INSTRUCTIONS TO FOLLOW: An exact reproduction of all the entries is the expected answer.

(Phrase grounding data)
- Opening Delimiter -

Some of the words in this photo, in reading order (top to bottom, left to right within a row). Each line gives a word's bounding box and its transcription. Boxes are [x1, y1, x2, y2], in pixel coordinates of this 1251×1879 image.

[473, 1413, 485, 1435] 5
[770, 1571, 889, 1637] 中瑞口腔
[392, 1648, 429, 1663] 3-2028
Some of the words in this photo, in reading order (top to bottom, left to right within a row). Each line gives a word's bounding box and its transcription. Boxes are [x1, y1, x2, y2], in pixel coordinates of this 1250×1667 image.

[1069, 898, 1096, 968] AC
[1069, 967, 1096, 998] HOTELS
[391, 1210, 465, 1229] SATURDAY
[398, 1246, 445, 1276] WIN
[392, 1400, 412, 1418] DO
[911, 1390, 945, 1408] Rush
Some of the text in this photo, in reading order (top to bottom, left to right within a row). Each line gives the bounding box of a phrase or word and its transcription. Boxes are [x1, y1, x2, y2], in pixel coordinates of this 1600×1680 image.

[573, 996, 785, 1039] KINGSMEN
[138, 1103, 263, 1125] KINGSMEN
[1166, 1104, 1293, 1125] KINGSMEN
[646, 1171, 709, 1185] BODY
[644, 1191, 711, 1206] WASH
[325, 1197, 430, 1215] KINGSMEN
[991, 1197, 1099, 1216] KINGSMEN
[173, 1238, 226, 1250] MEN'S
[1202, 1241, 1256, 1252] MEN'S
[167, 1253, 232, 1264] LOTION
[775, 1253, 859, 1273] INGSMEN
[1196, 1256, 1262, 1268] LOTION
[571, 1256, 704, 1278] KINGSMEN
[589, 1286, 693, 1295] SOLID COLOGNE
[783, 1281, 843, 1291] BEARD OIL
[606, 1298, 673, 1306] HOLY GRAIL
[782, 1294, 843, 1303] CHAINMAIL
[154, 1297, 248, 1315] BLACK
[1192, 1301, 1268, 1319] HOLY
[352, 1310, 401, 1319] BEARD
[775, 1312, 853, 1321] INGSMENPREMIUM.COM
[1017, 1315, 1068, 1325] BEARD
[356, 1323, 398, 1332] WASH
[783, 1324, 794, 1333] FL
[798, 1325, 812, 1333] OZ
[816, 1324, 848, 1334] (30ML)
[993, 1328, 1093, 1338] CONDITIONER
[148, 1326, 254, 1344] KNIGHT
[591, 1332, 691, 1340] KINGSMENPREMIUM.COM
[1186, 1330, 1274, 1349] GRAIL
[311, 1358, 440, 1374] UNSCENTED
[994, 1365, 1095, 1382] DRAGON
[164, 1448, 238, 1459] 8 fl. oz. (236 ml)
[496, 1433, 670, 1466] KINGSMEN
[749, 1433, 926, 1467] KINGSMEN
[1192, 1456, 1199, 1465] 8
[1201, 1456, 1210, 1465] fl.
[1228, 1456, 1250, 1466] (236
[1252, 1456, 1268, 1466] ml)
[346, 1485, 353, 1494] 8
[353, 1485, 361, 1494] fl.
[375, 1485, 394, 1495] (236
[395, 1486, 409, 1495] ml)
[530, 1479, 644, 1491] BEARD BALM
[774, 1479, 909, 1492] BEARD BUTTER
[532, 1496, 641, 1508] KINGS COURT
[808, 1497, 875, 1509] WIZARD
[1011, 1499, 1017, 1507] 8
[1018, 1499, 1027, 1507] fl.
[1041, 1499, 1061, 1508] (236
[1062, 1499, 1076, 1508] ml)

- Closing Delimiter -

TASK RESPONSE:
Some of the words in this photo, in reading order (top to bottom, left to right within a row). Each line gives a word's bounding box and its transcription. Boxes are [x1, y1, x2, y2], in pixel coordinates of this 1251×1879 image.

[473, 1413, 485, 1435] 5
[770, 1571, 889, 1637] 中瑞口腔
[392, 1648, 429, 1663] 3-2028
Some of the words in this photo, in reading order (top to bottom, left to right within a row). Each line gives a word's bounding box and its transcription. Boxes are [x1, y1, x2, y2], in pixel coordinates of this 1250×1667 image.

[1069, 898, 1096, 968] AC
[1069, 967, 1096, 998] HOTELS
[391, 1210, 465, 1229] SATURDAY
[398, 1246, 445, 1276] WIN
[392, 1400, 412, 1418] DO
[911, 1390, 945, 1408] Rush
Some of the text in this photo, in reading order (top to bottom, left to right within a row). Each line gives the bounding box of a phrase or word and its transcription. Boxes are [x1, y1, x2, y2], in pixel coordinates of this 1600×1680 image.

[573, 996, 785, 1039] KINGSMEN
[138, 1103, 263, 1125] KINGSMEN
[1166, 1104, 1293, 1125] KINGSMEN
[646, 1171, 709, 1185] BODY
[644, 1191, 711, 1206] WASH
[325, 1197, 430, 1215] KINGSMEN
[991, 1197, 1099, 1216] KINGSMEN
[173, 1238, 226, 1250] MEN'S
[1202, 1241, 1256, 1252] MEN'S
[167, 1253, 232, 1264] LOTION
[775, 1253, 859, 1273] INGSMEN
[1196, 1256, 1262, 1268] LOTION
[571, 1256, 704, 1278] KINGSMEN
[589, 1286, 693, 1295] SOLID COLOGNE
[783, 1281, 843, 1291] BEARD OIL
[606, 1298, 673, 1306] HOLY GRAIL
[782, 1294, 843, 1303] CHAINMAIL
[154, 1297, 248, 1315] BLACK
[1192, 1301, 1268, 1319] HOLY
[352, 1310, 401, 1319] BEARD
[775, 1312, 853, 1321] INGSMENPREMIUM.COM
[1017, 1315, 1068, 1325] BEARD
[356, 1323, 398, 1332] WASH
[783, 1324, 794, 1333] FL
[798, 1325, 812, 1333] OZ
[816, 1324, 848, 1334] (30ML)
[993, 1328, 1093, 1338] CONDITIONER
[148, 1326, 254, 1344] KNIGHT
[591, 1332, 691, 1340] KINGSMENPREMIUM.COM
[1186, 1330, 1274, 1349] GRAIL
[311, 1358, 440, 1374] UNSCENTED
[994, 1365, 1095, 1382] DRAGON
[164, 1448, 238, 1459] 8 fl. oz. (236 ml)
[496, 1433, 670, 1466] KINGSMEN
[749, 1433, 926, 1467] KINGSMEN
[1192, 1456, 1199, 1465] 8
[1201, 1456, 1210, 1465] fl.
[1228, 1456, 1250, 1466] (236
[1252, 1456, 1268, 1466] ml)
[346, 1485, 353, 1494] 8
[353, 1485, 361, 1494] fl.
[375, 1485, 394, 1495] (236
[395, 1486, 409, 1495] ml)
[530, 1479, 644, 1491] BEARD BALM
[774, 1479, 909, 1492] BEARD BUTTER
[532, 1496, 641, 1508] KINGS COURT
[808, 1497, 875, 1509] WIZARD
[1011, 1499, 1017, 1507] 8
[1018, 1499, 1027, 1507] fl.
[1041, 1499, 1061, 1508] (236
[1062, 1499, 1076, 1508] ml)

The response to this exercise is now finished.